Instructions to follow: Reproduce exactly the line containing "this 1568×2352 image." and every line after it, through the last line of the records below; add nothing.

Information shown:
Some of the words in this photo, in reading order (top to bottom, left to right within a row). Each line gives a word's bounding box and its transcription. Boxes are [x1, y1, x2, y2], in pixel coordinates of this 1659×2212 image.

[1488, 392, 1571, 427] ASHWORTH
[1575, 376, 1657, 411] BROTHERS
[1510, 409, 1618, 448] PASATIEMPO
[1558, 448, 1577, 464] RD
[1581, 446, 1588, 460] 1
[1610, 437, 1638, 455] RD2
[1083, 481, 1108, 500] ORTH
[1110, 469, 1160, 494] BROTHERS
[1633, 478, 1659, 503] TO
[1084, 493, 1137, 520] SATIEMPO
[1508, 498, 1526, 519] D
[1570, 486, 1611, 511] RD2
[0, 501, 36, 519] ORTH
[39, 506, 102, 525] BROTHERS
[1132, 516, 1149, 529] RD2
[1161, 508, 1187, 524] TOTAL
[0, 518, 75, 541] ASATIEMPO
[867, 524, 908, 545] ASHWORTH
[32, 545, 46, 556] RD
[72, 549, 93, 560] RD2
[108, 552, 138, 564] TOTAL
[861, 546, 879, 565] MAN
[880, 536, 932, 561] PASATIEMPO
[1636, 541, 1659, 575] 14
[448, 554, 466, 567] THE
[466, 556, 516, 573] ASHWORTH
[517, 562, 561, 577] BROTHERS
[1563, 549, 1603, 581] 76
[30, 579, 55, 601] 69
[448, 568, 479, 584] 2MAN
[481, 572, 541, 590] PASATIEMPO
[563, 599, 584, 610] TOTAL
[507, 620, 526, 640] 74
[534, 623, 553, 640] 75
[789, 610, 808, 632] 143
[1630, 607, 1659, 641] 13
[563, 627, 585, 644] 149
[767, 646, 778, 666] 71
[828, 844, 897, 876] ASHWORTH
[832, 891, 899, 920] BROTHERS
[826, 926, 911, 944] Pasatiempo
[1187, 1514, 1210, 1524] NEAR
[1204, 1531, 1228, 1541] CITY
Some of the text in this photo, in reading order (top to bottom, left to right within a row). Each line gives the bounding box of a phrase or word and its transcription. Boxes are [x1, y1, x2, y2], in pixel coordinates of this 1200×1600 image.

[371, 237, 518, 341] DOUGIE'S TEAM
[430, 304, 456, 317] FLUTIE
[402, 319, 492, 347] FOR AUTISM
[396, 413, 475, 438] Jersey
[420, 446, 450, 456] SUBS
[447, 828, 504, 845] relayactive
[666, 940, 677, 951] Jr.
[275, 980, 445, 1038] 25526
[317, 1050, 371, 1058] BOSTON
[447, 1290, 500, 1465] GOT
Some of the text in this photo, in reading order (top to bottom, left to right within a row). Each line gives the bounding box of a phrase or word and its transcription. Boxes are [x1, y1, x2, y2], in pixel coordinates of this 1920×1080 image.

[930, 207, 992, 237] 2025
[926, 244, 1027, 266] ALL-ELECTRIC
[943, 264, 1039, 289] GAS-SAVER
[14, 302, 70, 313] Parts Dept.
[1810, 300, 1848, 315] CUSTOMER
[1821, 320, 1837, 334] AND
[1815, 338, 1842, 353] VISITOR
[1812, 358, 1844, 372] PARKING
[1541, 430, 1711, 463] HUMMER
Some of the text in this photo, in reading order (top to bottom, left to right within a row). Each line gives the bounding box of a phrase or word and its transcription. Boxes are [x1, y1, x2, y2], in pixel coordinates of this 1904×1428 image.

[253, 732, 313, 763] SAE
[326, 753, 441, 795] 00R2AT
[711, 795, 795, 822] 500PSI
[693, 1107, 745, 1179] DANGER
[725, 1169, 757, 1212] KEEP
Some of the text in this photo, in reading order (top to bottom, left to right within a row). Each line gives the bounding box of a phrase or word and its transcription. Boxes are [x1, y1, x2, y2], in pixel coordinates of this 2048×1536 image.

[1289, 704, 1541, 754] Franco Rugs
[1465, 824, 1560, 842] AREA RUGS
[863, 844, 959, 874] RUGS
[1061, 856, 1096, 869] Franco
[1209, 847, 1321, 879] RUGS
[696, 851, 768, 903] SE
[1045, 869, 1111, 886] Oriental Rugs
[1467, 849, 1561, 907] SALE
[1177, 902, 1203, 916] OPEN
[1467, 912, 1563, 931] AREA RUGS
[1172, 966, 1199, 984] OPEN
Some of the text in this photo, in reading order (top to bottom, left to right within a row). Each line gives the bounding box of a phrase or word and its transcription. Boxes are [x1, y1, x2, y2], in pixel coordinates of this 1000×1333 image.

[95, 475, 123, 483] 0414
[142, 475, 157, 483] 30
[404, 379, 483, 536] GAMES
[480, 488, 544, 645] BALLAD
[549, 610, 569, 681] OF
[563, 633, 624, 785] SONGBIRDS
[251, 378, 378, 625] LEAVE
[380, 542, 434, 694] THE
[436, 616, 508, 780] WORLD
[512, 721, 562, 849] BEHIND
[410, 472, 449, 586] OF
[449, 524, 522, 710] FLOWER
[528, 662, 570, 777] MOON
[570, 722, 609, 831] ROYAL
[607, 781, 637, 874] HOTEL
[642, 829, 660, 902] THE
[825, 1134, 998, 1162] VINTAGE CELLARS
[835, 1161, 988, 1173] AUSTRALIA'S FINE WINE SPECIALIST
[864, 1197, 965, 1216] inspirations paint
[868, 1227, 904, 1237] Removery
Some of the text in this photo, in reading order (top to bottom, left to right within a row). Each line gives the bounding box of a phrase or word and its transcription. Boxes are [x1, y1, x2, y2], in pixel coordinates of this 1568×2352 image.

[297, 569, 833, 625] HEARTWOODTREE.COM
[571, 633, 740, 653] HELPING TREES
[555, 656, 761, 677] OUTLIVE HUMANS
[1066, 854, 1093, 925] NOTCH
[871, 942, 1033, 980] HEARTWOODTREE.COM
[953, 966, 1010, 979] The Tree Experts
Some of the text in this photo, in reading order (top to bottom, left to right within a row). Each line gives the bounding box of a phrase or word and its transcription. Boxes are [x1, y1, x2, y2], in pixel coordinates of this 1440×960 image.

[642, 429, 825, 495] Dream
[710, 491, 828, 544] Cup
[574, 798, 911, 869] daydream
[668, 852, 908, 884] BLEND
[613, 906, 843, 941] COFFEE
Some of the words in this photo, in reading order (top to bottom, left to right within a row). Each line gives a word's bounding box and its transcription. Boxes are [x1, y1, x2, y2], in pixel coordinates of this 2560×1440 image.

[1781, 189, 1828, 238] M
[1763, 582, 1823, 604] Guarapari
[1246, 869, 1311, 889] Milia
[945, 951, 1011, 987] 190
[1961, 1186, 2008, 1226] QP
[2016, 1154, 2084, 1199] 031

Response to the exercise:
Some of the text in this photo, in reading order (top to bottom, left to right within a row). Each line gives the bounding box of a phrase or word and its transcription. Boxes are [x1, y1, x2, y2], in pixel coordinates of this 1568×2352 image.

[297, 569, 833, 625] HEARTWOODTREE.COM
[571, 633, 740, 653] HELPING TREES
[555, 656, 761, 677] OUTLIVE HUMANS
[1066, 854, 1093, 925] NOTCH
[871, 942, 1033, 980] HEARTWOODTREE.COM
[953, 966, 1010, 979] The Tree Experts
Some of the text in this photo, in reading order (top to bottom, left to right within a row). Each line gives the bounding box of a phrase or word and its transcription. Boxes are [x1, y1, x2, y2], in pixel coordinates of this 1440×960 image.

[642, 429, 825, 495] Dream
[710, 491, 828, 544] Cup
[574, 798, 911, 869] daydream
[668, 852, 908, 884] BLEND
[613, 906, 843, 941] COFFEE
Some of the words in this photo, in reading order (top to bottom, left to right within a row). Each line gives a word's bounding box and its transcription. Boxes are [x1, y1, x2, y2], in pixel coordinates of this 2560×1440 image.

[1781, 189, 1828, 238] M
[1763, 582, 1823, 604] Guarapari
[1246, 869, 1311, 889] Milia
[945, 951, 1011, 987] 190
[1961, 1186, 2008, 1226] QP
[2016, 1154, 2084, 1199] 031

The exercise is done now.